Body: or, How Hope Confronts Her Shadow and Calls the Flutter Girl to Flight by Sean Coons
Hope hates her body. She always has. The fact that she’s a graphic artist who manipulates images of women’s bodies for a living only makes matters worse.
Hope’s teenage niece, Lana, has a physique Photoshop can’t touch. But in her dance world, finesse in motion requires mastery of body, which, for Lana, spirals into obsession.
Looking into the mirror, Hope and Lana have in mind a continually altering ideal of beauty defined always as thinner than they are in the moment.
Hope turns to her preternaturally trim friend, Lilith, for help. Comedy ensues as Hope mimics Lilith’s alpha female style, storming through life “solving” her problems and losing weight—that is until her new inauthentic persona leads to catastrophe. At her lowest, Hope meets Joy, a quirky mentor offering ancient truths of physical health and spiritual peace that will change Hope’s and Lana’s lives forever.

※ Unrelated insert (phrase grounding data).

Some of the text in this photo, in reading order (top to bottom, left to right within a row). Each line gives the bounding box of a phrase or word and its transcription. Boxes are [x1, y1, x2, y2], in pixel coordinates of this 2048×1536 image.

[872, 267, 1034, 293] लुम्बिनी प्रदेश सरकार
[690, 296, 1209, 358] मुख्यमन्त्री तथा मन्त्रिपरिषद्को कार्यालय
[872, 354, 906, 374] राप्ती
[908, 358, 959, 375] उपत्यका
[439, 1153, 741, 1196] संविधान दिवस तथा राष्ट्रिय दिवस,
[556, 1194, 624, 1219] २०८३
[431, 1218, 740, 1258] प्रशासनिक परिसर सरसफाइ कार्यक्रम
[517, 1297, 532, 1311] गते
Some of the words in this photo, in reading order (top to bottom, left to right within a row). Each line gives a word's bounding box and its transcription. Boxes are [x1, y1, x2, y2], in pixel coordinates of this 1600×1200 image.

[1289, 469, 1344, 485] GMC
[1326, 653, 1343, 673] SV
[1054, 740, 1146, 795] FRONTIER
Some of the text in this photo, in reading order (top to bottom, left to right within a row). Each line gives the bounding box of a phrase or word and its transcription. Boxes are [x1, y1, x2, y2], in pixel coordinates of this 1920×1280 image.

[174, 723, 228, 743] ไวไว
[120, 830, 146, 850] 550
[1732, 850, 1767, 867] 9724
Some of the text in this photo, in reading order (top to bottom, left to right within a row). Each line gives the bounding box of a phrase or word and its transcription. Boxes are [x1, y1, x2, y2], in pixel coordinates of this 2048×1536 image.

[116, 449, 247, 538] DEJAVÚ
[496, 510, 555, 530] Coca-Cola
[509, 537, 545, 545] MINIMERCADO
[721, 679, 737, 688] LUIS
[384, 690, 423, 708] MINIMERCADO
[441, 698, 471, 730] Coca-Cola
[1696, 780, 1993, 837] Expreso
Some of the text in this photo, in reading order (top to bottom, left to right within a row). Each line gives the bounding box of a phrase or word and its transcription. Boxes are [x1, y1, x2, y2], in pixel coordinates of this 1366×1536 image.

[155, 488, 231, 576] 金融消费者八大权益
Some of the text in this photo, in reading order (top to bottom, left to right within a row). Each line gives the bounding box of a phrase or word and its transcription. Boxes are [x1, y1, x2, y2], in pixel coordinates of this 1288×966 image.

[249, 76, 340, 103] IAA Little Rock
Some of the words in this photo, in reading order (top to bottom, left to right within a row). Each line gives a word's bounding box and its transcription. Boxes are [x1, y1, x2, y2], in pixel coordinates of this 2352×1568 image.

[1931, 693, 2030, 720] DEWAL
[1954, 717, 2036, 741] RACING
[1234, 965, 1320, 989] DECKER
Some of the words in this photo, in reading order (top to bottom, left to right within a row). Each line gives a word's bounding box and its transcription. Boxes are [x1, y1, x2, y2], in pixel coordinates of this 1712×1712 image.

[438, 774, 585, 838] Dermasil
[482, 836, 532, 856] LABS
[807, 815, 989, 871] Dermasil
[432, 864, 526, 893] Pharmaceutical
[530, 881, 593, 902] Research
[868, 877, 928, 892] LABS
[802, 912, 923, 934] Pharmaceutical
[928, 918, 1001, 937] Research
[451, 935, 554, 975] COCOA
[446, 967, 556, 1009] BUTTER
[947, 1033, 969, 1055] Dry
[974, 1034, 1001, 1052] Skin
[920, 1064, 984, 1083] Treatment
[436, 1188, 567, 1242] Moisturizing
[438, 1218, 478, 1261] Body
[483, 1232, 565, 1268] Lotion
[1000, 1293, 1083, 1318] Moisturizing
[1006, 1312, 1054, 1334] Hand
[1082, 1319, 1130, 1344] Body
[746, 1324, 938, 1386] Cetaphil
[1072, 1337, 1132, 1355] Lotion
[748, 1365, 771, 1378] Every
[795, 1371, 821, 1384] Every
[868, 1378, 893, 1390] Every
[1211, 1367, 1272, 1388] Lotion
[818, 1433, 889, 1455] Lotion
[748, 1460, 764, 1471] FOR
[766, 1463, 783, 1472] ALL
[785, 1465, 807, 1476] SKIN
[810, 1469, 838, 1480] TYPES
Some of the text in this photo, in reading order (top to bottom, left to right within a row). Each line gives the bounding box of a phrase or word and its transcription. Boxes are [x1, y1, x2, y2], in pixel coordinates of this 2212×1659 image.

Targeted Age Group:: all audiences
Heat/Violence Level: Heat Level 2 – PG
What Inspired You to Write Your Book?
We have been damaged by images. Millions of images. We click on them. See them on the covers of magazines at the checkout counter. Drive by them on billboards. Watch them in TV shows and movies. We can’t avoid them even if we wanted to, though most of the time we invite them into our minds. And these images distort our view of ourselves, our bodies, and our worth. This is what inspired me to write Body—I wanted to create a story that challenges the oppressiveness of the Photoshopped world we inhabit and helps readers experience peace with their bodies.
How Did You Come up With Your Characters?
I start with the needs of my story. Body is going to be about a woman who has a wildly active imagination so I can create some moments of surrealism in the story, to break beyond the material level of life and look into the mind, the spirit. So it makes sense for her to be an artist. And I start describing what this artist looks like, and I put her in a situation with her husband, and all of a sudden, she starts speaking on her own. At this point, the character acts and speaks, and I transcribe. Often this happens when I’m not even in the process of writing. I’m running an errand, doing a chore, falling asleep, and there’s Lilith, for example, an especially sassy character in Body, saying something especially wicked. I will edit, of course, and nudge characters where they need to go, but once they seem real in my imagination, they do most of the heavy lifting by just being themselves. I love this part of writing a novel or screenplay.